_Problem_:
For each entry below, copy the text exactly and leave out any picture.

_Supplied data_:
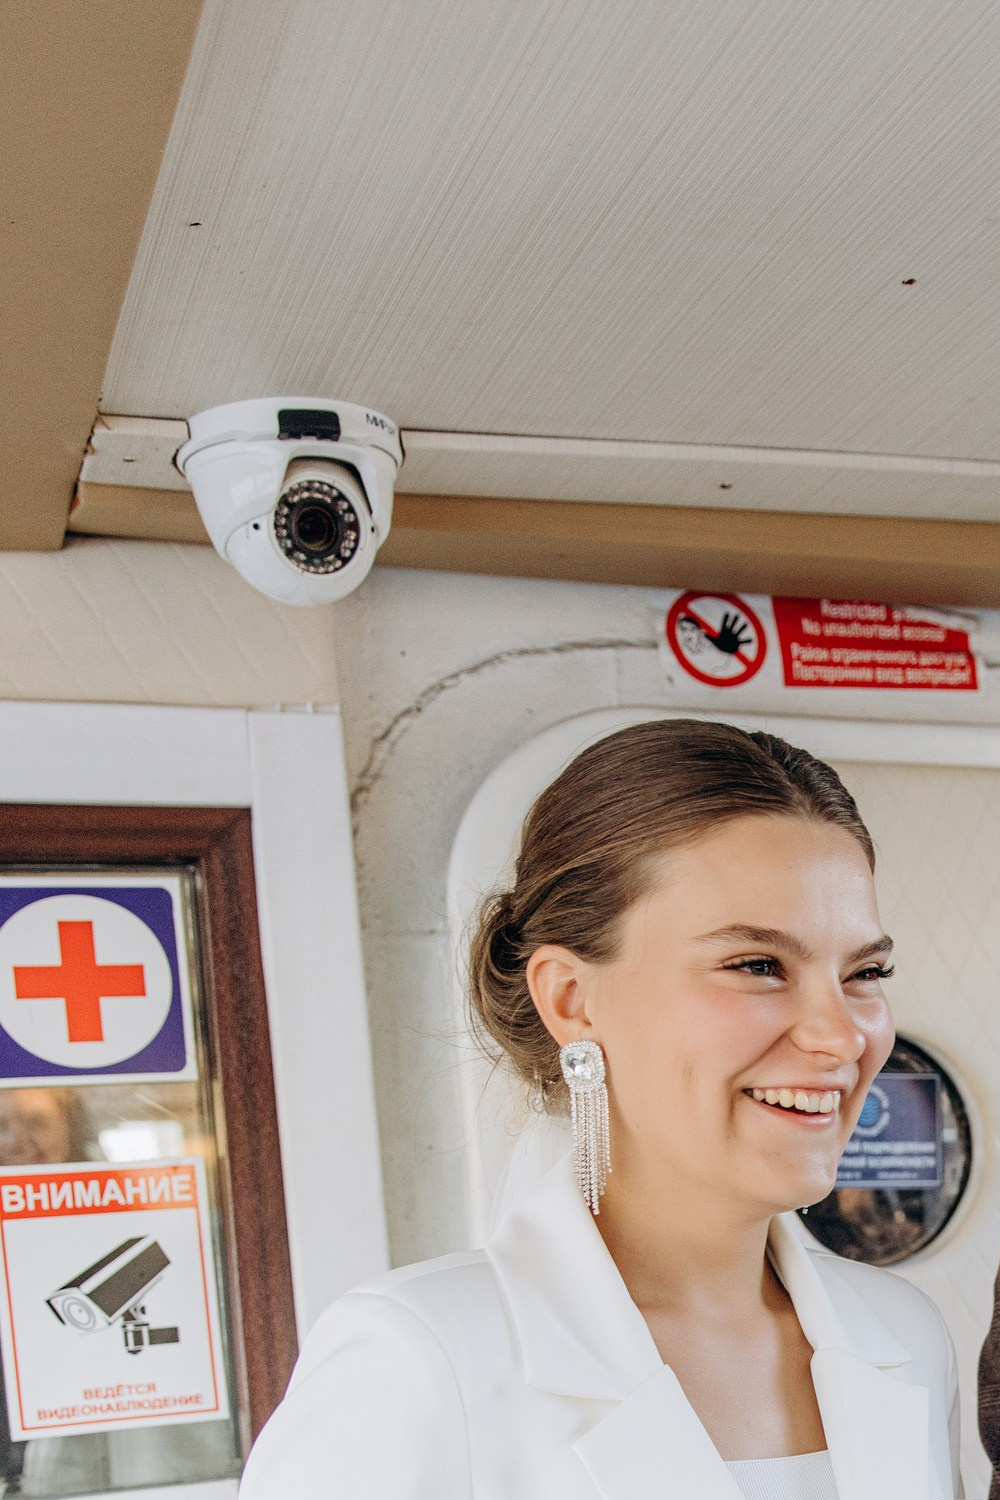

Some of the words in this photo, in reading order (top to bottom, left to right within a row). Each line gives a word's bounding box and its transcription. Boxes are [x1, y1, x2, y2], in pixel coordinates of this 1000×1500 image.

[801, 618, 821, 636] No
[790, 642, 829, 662] Район
[0, 1174, 193, 1212] ВНИМАНИЕ
[83, 1382, 157, 1400] ВЕДЁТСЯ
[37, 1394, 203, 1421] ВИДЕОНАБЛЮДЕНИЕ

_Written response_:
Some of the words in this photo, in reading order (top to bottom, left to right within a row). Each line gives a word's bounding box and its transcription. Boxes are [x1, y1, x2, y2], in pixel coordinates of this 1000×1500 image.

[801, 618, 821, 636] No
[790, 642, 829, 662] Район
[0, 1174, 193, 1212] ВНИМАНИЕ
[83, 1382, 157, 1400] ВЕДЁТСЯ
[37, 1394, 203, 1421] ВИДЕОНАБЛЮДЕНИЕ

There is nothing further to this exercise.